The remainder of this paper is organised as follows. In Sect. 2, we recall the Pareto/NBD model assumptions, describe the properties of the different MCMC algorithms, and introduce the measures we employ for their comparison. The explicit procedures, probabilities, and distributions are outlined in detail in the Technical Appendix (A). In Sect. 3, we compare the different MCMC algorithms with each other and with MLE as outlined above. In Sect. 4, we analyse the MCMC performance on different data set sizes to derive minimal requirements for cohort sizes and the length of the calibration period. In Sect. 5, we summarise and discuss our results and derive implications for researchers and practitioners alike.

2 The Pareto/NBD model

2.1 Model assumptions

The Pareto/NBD model is based on the following assumptions (Schmittlein et al. 1987). For the simplification of the notation, we remove the customer index i when regarding individual level formulas. In addition, we explain the effects of different numerical values for each of the parameters.

  1. 1.

    Each of the N customers goes through two stages. The “lifetime” with a firm starts with the initial purchase and ends at a non-observable time \({{\tau}} \), where the state of inactivity is non-reversible.

  2. 2.

    While the customer is active, the time elapsed between two consecutive purchases follows an exponential distribution with parameter \({\lambda} \), i.e.

    $$\begin{aligned} f(t_{j}-t_{j-1})={\lambda }e^{-{\lambda }(t_{j}-t_{j-1})}, \end{aligned}$$
    (1)

    where tj denotes the time elapsed from the initial \((t_{0}=0)\) to the jth purchase. As \(E(t_{j}-t_{j-1})=\frac{1}{{\lambda }}\), the inter-purchase times tend to be shorter for larger values of \({\lambda} \), leading to a higher number of purchases. Therefore, an arbitrary customer with \({\lambda }=0.05\) has an average inter-purchase time of 20 time units (e.g. weeks) and, leaving the dropout process aside, we would expect him to make five purchases within 100 times units.

  3. 3.

    The customer’s lifetime \({\tau} \) is exponentially distributed with parameter \({\mu} \), i.e.

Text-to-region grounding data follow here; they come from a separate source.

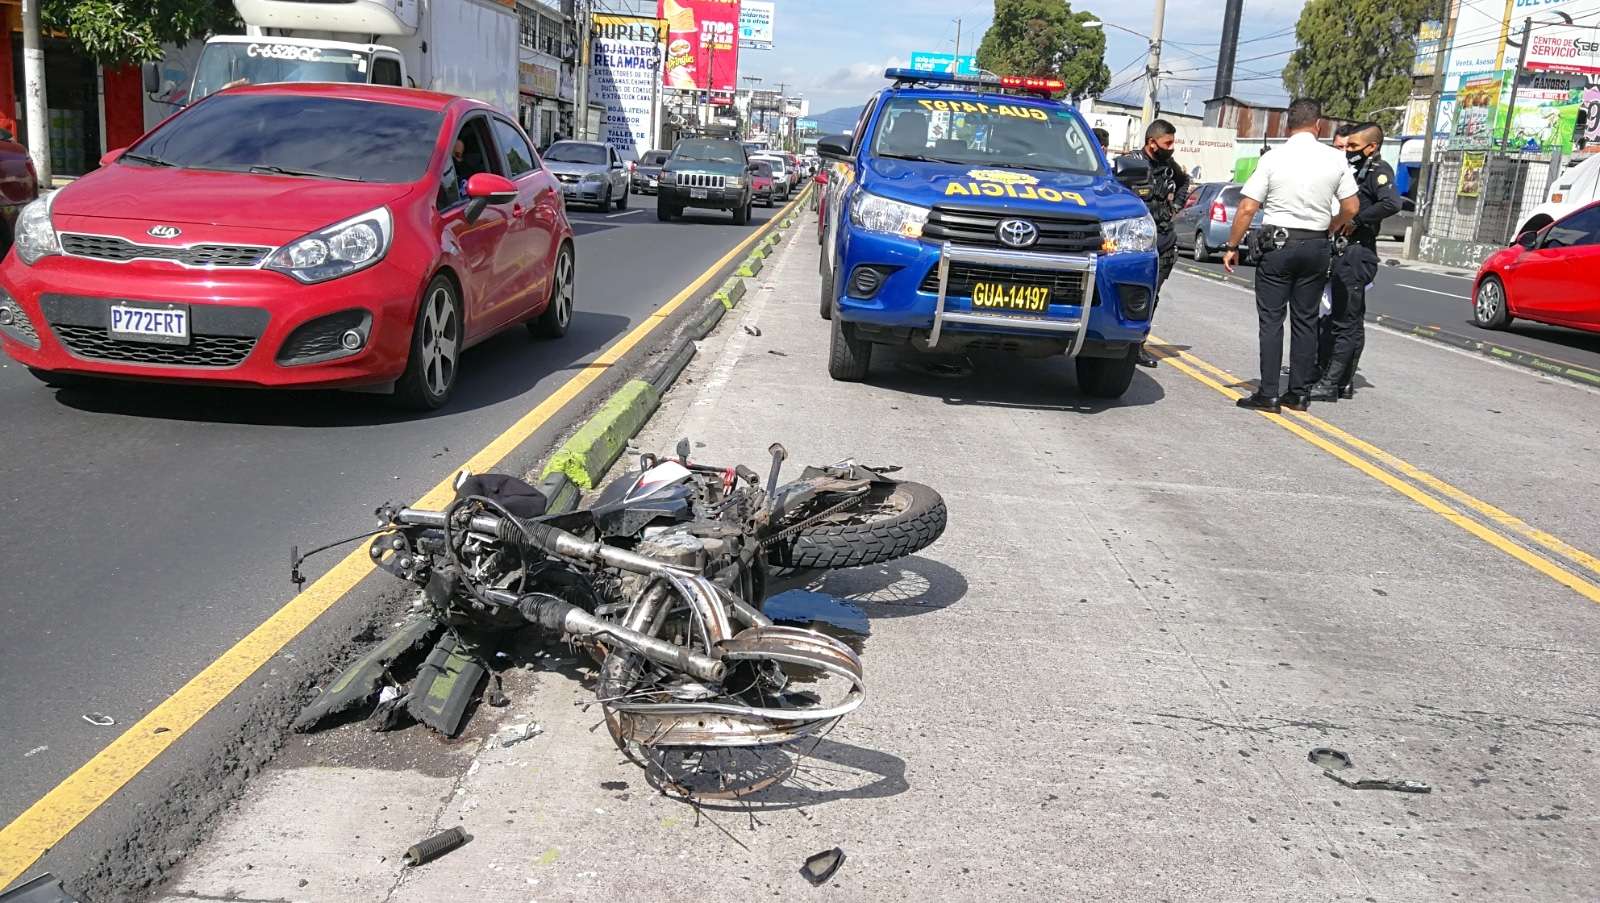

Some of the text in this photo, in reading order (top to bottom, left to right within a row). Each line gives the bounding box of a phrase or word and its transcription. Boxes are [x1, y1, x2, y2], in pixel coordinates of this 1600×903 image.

[1533, 36, 1573, 47] CENTRO DE
[1531, 45, 1577, 58] SERVICIO
[151, 225, 175, 235] KIA
[973, 282, 1048, 310] GUA-14197
[112, 309, 184, 333] P772FRT

    $$\begin{aligned} f({\tau} )={\mu} e^{-{\mu} {\tau} }. \end{aligned}$$
    (2)

    Comparable to the purchase process, \(E({\tau} )=\frac{1}{{\mu} }\), i.e. a small \({\mu} \) implies a longer lifetime with the company. A customer with \({\mu} =0.1\) would thus be expected to drop out after 10 time periods. Another perspective on the dropout process is the defection rate (DR). For an exponentially distributed lifetime \({\tau} \), DR is a constant given by

    $$\begin{aligned} DR=1-e^{-{\mu} }, \end{aligned}$$
    (3)

    which quantifies the probability that a customer will defect within one time unit. In the above example, the probability that a customer with \({\mu} =0.07\) defects within the next time unit is \(6.8\%\).

  4. 4.

    The purchase rate \({\lambda} \) varies across customers and follows a gamma distribution with parameters r and \(\alpha \), i.e.

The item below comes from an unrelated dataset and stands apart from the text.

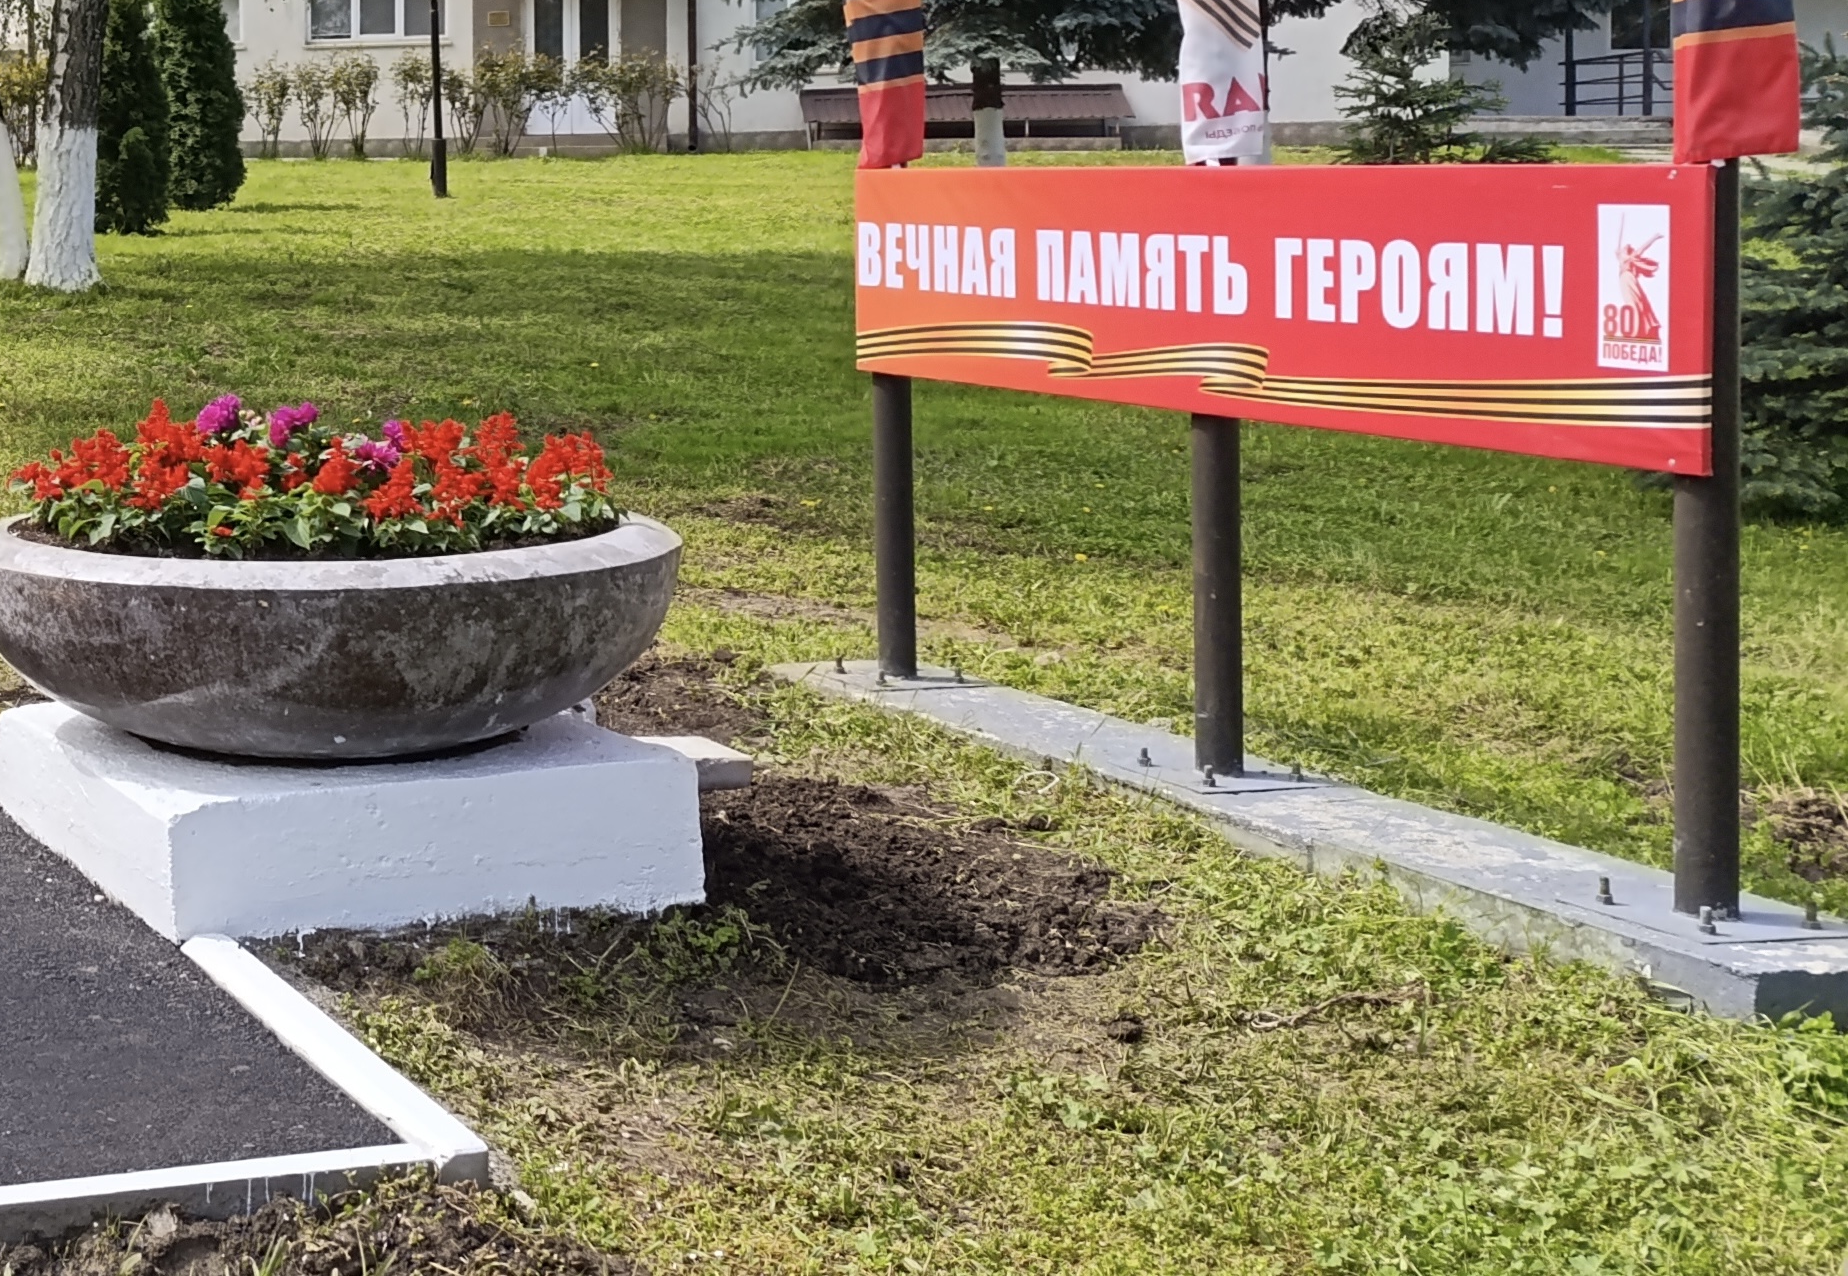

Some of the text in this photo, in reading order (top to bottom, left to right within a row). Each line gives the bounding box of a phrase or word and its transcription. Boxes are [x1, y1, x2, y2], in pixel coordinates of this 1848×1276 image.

[857, 221, 1565, 339] ВЕЧНАЯ ПАМЯТЬ ГЕРОЯМ!
[1602, 303, 1636, 338] 80
[1602, 342, 1663, 365] ПОБЕДА!

    $$\begin{aligned} g({\lambda }|r,\alpha )={\displaystyle \frac{\alpha ^{r}{\lambda }^{r-1}e^{-{\lambda }\alpha }}{\varGamma (r)}}. \end{aligned}$$
    (4)

    A direct behavioural understanding of the parameters \((r,\alpha )\) is very difficult. Instead, we can interpret the expected value and dispersion by considering that

    $$\begin{aligned} E({\lambda })={\displaystyle \frac{r}{\alpha },\sigma _{{\lambda }}={\displaystyle \frac{\sqrt{r}}{\alpha }}},CV_{{\lambda }}={\displaystyle \frac{1}{\sqrt{r}}}, \end{aligned}$$
    (5)

    with \(\sigma _{{\lambda }}\) being the standard deviation and \(CV_{{\lambda }}\) the coefficient of variation (CV) for \({\lambda} \). This implies that, e.g. for \(r=0.5\) and \(\alpha =10\), the average purchase rate \(E({\lambda })\) is 0.05 and \({\lambda} \) averagely varies by \(1.41=141\%\) within the cohort.

  5. 5.

    Heterogeneity in \({\mu} \) follows a gamma distribution with parameters s and \(\beta \), i.e.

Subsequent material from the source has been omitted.